Loading the content... Loading depends on your connection speed!

Hapus RUU penciptaan lapangan kerja yang komprehensif, dan 2 juta pekerja melakukan pemogokan nasional selama tiga hari

In: Nasional

JAKARTA TRIBUNNEWS.COM-Tak kurang dari 2 juta pekerja di 150 daerah / kota di Indonesia akan menggelar aksi mogok nasional selama tiga hari mulai tanggal 6 hingga 8 Oktober 2020.

Aksi mogok tersebut untuk menolak RUU (“RUU” „Äč) Undang-undang yang komprehensif tentang penciptaan kesempatan kerja di cluster pekerjaan.

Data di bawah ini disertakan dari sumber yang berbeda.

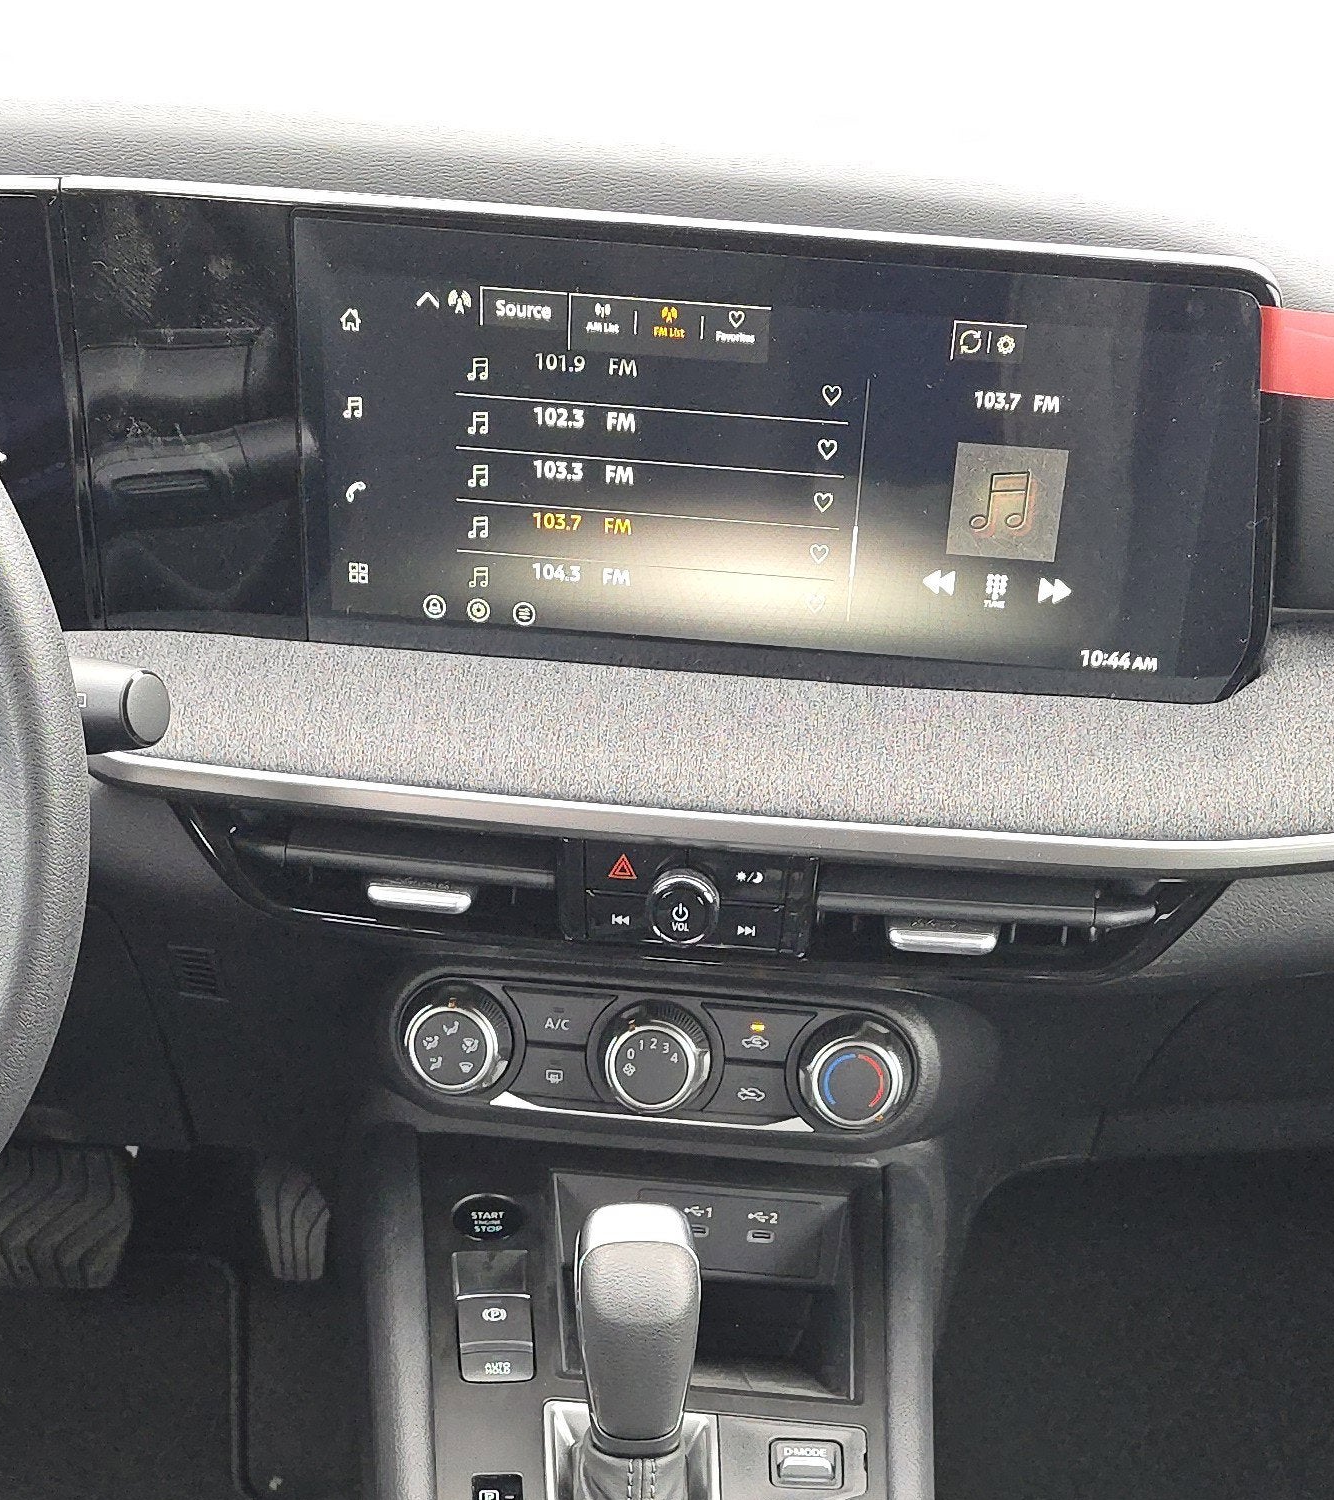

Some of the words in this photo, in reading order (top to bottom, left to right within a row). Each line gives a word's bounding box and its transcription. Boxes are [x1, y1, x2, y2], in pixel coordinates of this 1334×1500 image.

Menurut Said Iqbal, Ketua Federasi Serikat Pekerja Indonesia (KSPI), mogok nasional adalah istilah yang digunakan oleh 32 federasi dan serikat federasi untuk menolak RUU gabungan. Kelompok pekerjaan. — Massa pekerja melancarkan pemogokan nasional melalui mekanisme hukum No. 1. Undang-undang Nomor 9 Tahun 1998 mengatur tentang kebebasan berpendapat di depan umum, Undang-undang Nomor 21 Tahun 2000 tentang Serikat Pekerja, khususnya Pasal 4, mengatur bahwa salah satu fungsi serikat pekerja adalah merencanakan dan melakukan aksi mogok.

Baca: Hari Ini, 5.000 Pekerja di Luar DPR Protes RUU Murah yang Menolak UU Cipta Kerja, dan Aksi Berlanjut Hingga Kamis- “Mogok Nasional Berakhir, Bentuk Serikat Pekerja 1998 Mekanisme UU Nomor 9 dan UU No 21 Tahun 2001 secara serentak melakukan protes nasional. Bisa saja mogok atau unjuk rasa, “kata Iqbal. Saat dihubungi, Minggu (10/4/2020) sore.

Dasar hukum pemogokan pekerja nasional adalah Undang-Undang Hak Asasi Manusia Nomor 39 Tahun 1999 (HAM) dan Undang-undang Nomor 12 Tahun 2005 yang meratifikasi Kovenan Internasional Hak Sipil dan Politik. Iqbal menjelaskan bahwa pemogokan serikat pekerja nasional adalah Mulai tanggal 6 Oktober 2020 di lingkungan kerja masing-masing secara serentak.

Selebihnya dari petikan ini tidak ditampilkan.